▶ **Records for processing**:
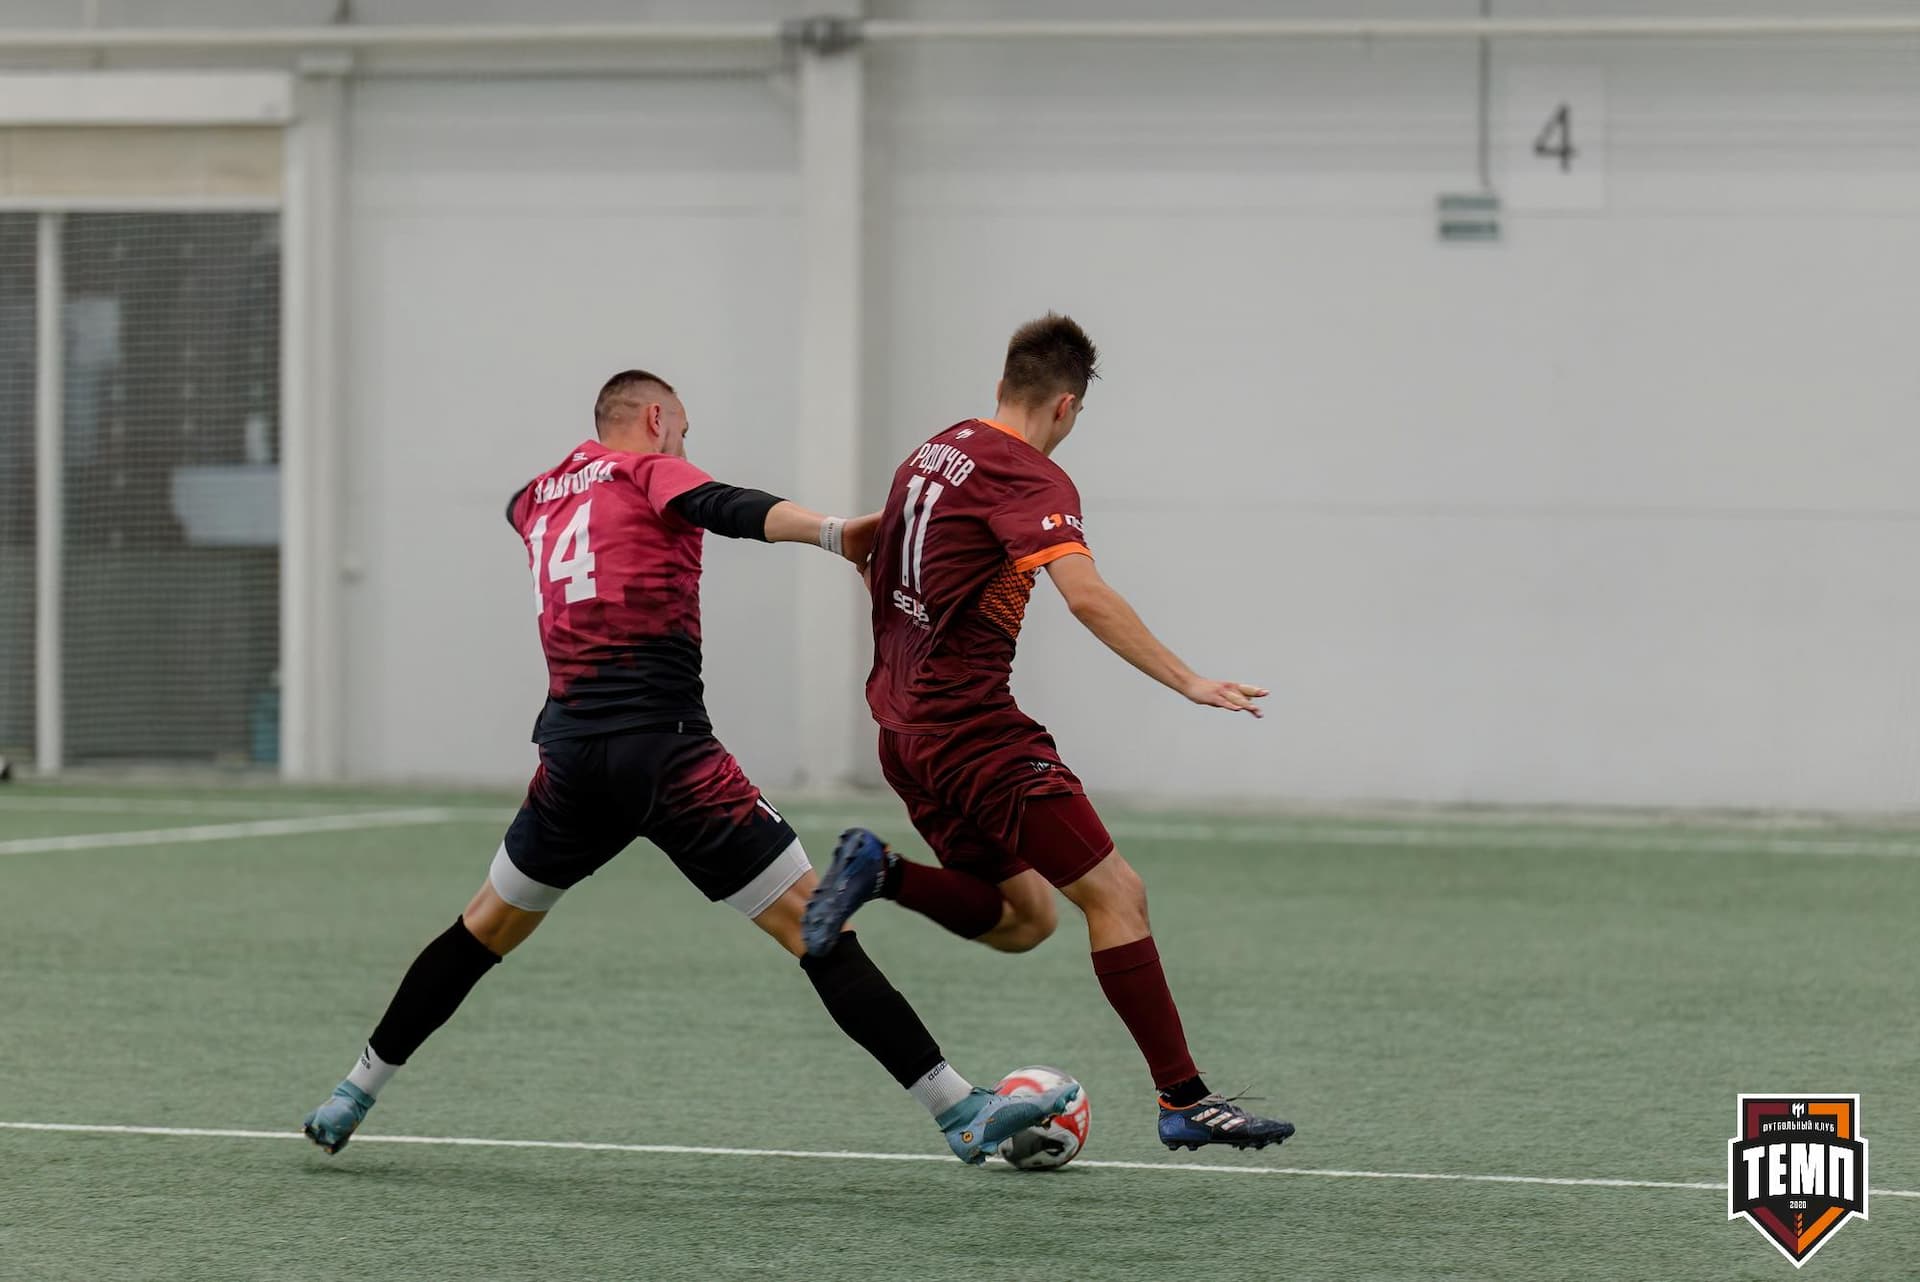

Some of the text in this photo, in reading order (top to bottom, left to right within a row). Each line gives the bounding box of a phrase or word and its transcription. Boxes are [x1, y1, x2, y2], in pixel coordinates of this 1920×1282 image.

[1533, 103, 1581, 171] 4
[529, 499, 597, 615] 14
[903, 474, 945, 595] 11
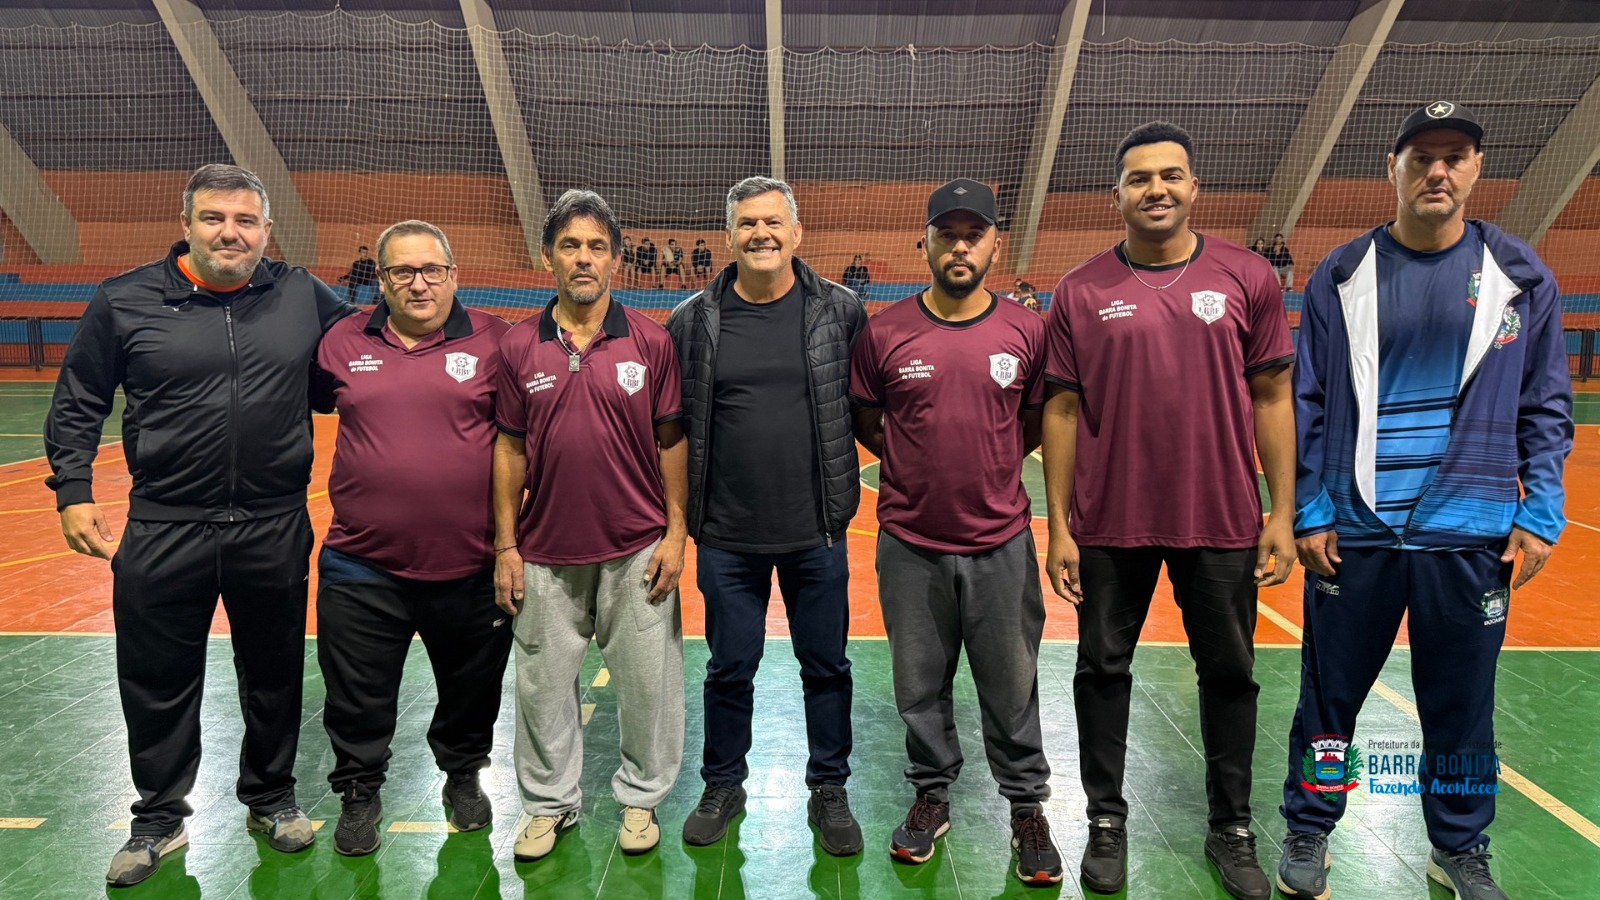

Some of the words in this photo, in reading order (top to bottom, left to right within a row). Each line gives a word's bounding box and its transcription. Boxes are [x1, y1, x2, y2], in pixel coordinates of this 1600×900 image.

[1098, 307, 1116, 316] BARRA
[1109, 310, 1134, 319] FUTEBOL
[534, 372, 544, 380] LIGA
[526, 380, 540, 388] BARRA
[540, 375, 556, 384] BONITA
[534, 382, 554, 392] FUTEBOL
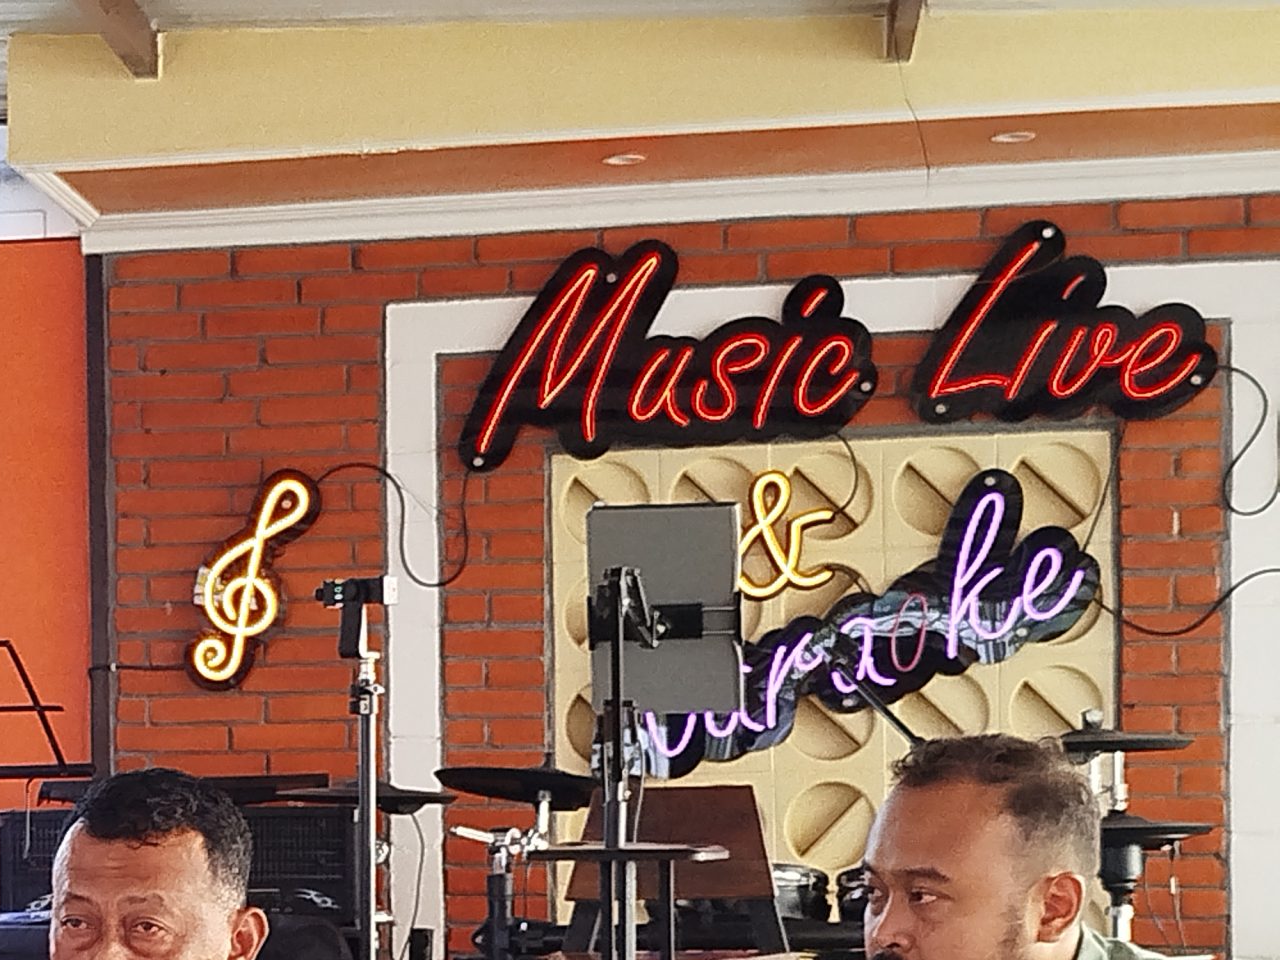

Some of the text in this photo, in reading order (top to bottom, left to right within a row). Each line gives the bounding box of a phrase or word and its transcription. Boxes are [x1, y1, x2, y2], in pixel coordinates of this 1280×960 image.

[476, 239, 1202, 455] Music Live
[644, 491, 1086, 758] raoke
[738, 469, 836, 600] &

▶ **What you will do**: Your answer must reproduce exactly the lines from the line with "Some of the words" through the end of the material, both ends included, with every picture dropped.

▶ **Result of the task**:
Some of the words in this photo, in reading order (top to bottom, left to right within a row). Each line gives a word's bounding box and its transcription. Boxes are [x1, y1, x2, y2], in pixel coordinates of this 1600×900 image.

[1098, 307, 1116, 316] BARRA
[1109, 310, 1134, 319] FUTEBOL
[534, 372, 544, 380] LIGA
[526, 380, 540, 388] BARRA
[540, 375, 556, 384] BONITA
[534, 382, 554, 392] FUTEBOL

Some of the text in this photo, in reading order (top to bottom, left to right within a row). Each line gives the bounding box of a phrase or word and its transcription. Boxes are [x1, y1, x2, y2], in pixel coordinates of this 1280×960 image.

[476, 239, 1202, 455] Music Live
[644, 491, 1086, 758] raoke
[738, 469, 836, 600] &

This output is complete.